Tables 3, 4 and 5 summarize the time average Nusselt number obtained by simulation for Prandtl number of 0.7, Reynolds number, Re 100, 150 and 200, respectively. As mentioned above, Tables 3, 4 and 5 show that, in the given case of cylinder oscillation amplitude (Ax and Ay), the time average Nusselt number increases with Reynolds number. At a higher Reynolds number, the high velocity flowing fluid helps to increase heat transfer by improving the heat by convection. Also, for particular cylinder x-direction oscillation amplitude, Ax, the time average Nusselt number is increasing with cylinder y-direction oscillation amplitude, Ay. As mentioned previously, the Nusselt number increases with an increase in cylinder oscillation amplitude at a particular cylinder oscillation frequency. An increase in Nusselt number at lower cylinder amplitude is not appreciable, which is only 2%, 4% and 13% for Re 100, 150 and 200, respectively, compared to the stationary cylinder. A maximum increase of 28.7%, 29.9% and 39.6% in Nusselt number is observed for Re 100, 150 and 200, respectively, compared to the stationary cylinder. At a higher Reynolds number, Re = 200, the three-dimensional effects are contributing; hence larger increase in the Nusselt number can be seen. Also, for fixed cylinder oscillation amplitude (fixed values of Ax and Ay), the Nusselt number increases with an increase in cylinder oscillation frequency ratio. The rate of increase in Nusselt number is observed to be increasing till oscillation frequency ratio of 1.5–2; however, then the rate of increase in Nusselt number is decreasing at higher frequency ratio (F > 2.5). The heat transfer is found to be maximum for the frequency ratio range of 0.75 – 2, mainly due to the lock-on phenomenon.

Table 3 Time average Nusselt number at Reynolds number 100, Pr = 0.7
Table 4 Time average Nusselt number at Reynolds number 150, Pr = 0.7
Table 5 Time average Nusselt number at Reynolds number 200, Pr = 0.7

Conclusions

In the present paper, convective heat transfer from a circular cylinder forced to oscillate elliptically in an incompressible flow is numerically simulated. The two-dimensional laminar incompressible viscous fluid–structure interaction problem is simulated first time using an in-house ALE-HLLC-AC Riemann solver. During validation, the heat transfer rate is found to be increased maximum by 15.46% for the transverse oscillation in the lock-in region. For in-line oscillation cases, a maximum of 3.5% heat transfer is increased in the lock-in region; however, the heat transfer decreases by 4% for a higher frequency ratio.

From the present computation of a convective heat transfer from a circular cylinder forced to oscillate elliptically, it can be observed that the heat characteristics are completely different from a transversely and in-line oscillation case. The heat transfer characteristics show a higher Nusselt number but complex flow patterns for elliptical oscillations. Although no specific trend for lock-on region is seen, heat transfer is increasing for a higher cylinder frequency ratio, F. Present study also shows that the heat transfer is promoted for the higher amplitude of cylinder oscillation.

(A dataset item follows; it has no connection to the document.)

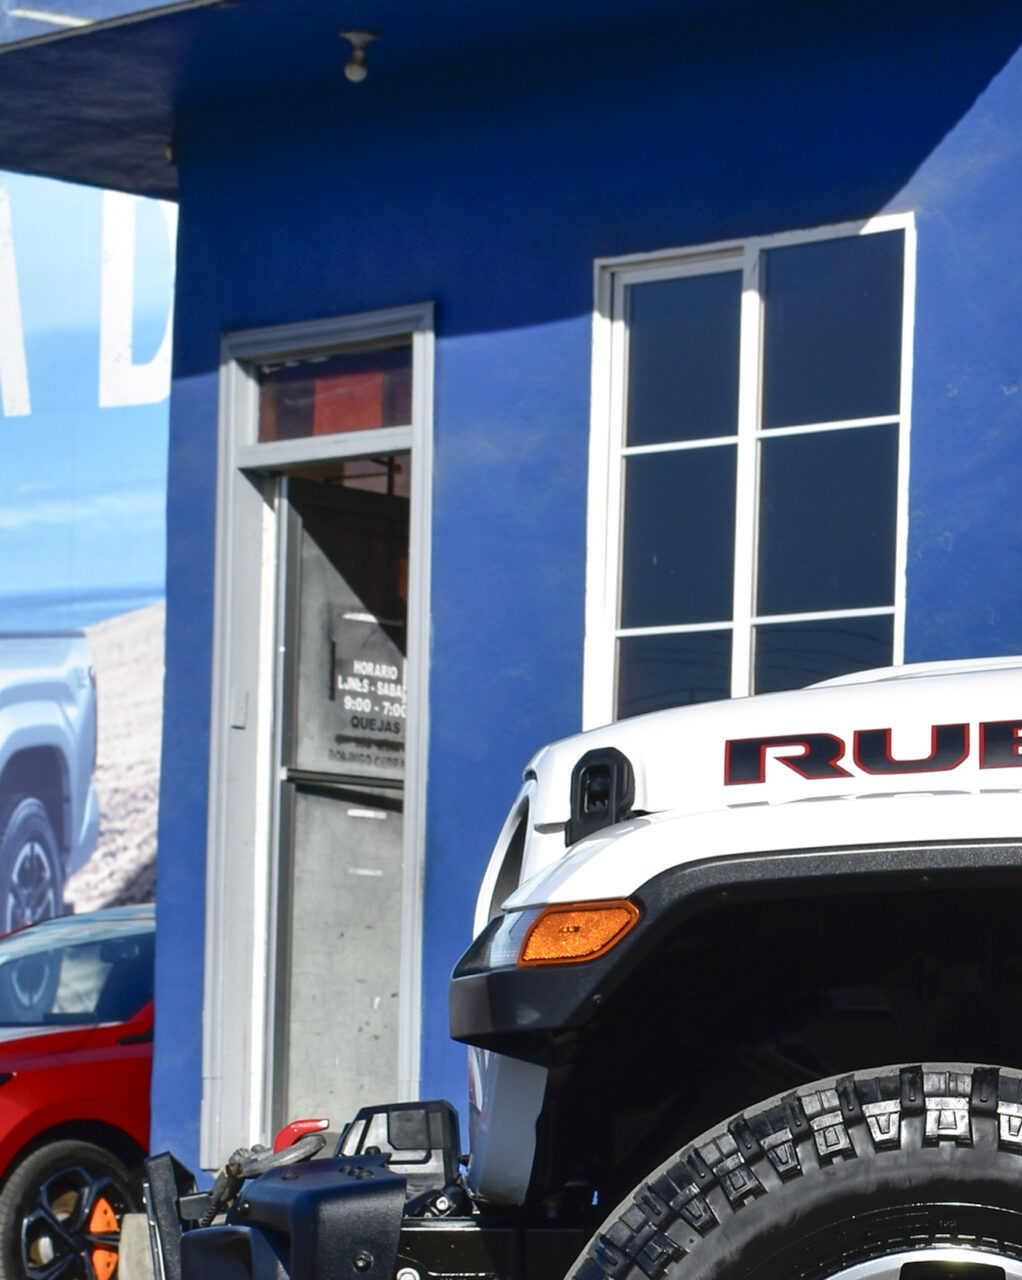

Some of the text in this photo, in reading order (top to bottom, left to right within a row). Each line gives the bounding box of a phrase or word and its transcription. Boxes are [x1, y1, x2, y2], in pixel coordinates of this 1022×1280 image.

[353, 660, 398, 680] HORARIO
[343, 695, 372, 712] 9:00
[350, 715, 401, 734] QUEJAS

For elliptical oscillations path having larger oscillation amplitude in a transverse direction, Ay shows a higher increase in Nusselt number than that of oscillation amplitude in in-line direction, Ax. Hence, it can be concluded that cylinder oscillating with higher oscillation amplitude and at higher frequency ratio shows the highest increase in heat transfer. A maximum increase of 28.7%, 29.9% and 39.6% in Nusselt number is observed for Re 100, 150 and 200, respectively, compared to the stationary cylinder. The vortex-induced vibration of circular cylinder will help in designing and understanding many future potential application like vortex-induced energy harvesting systems, unmanned water/aerial vehicles, etc.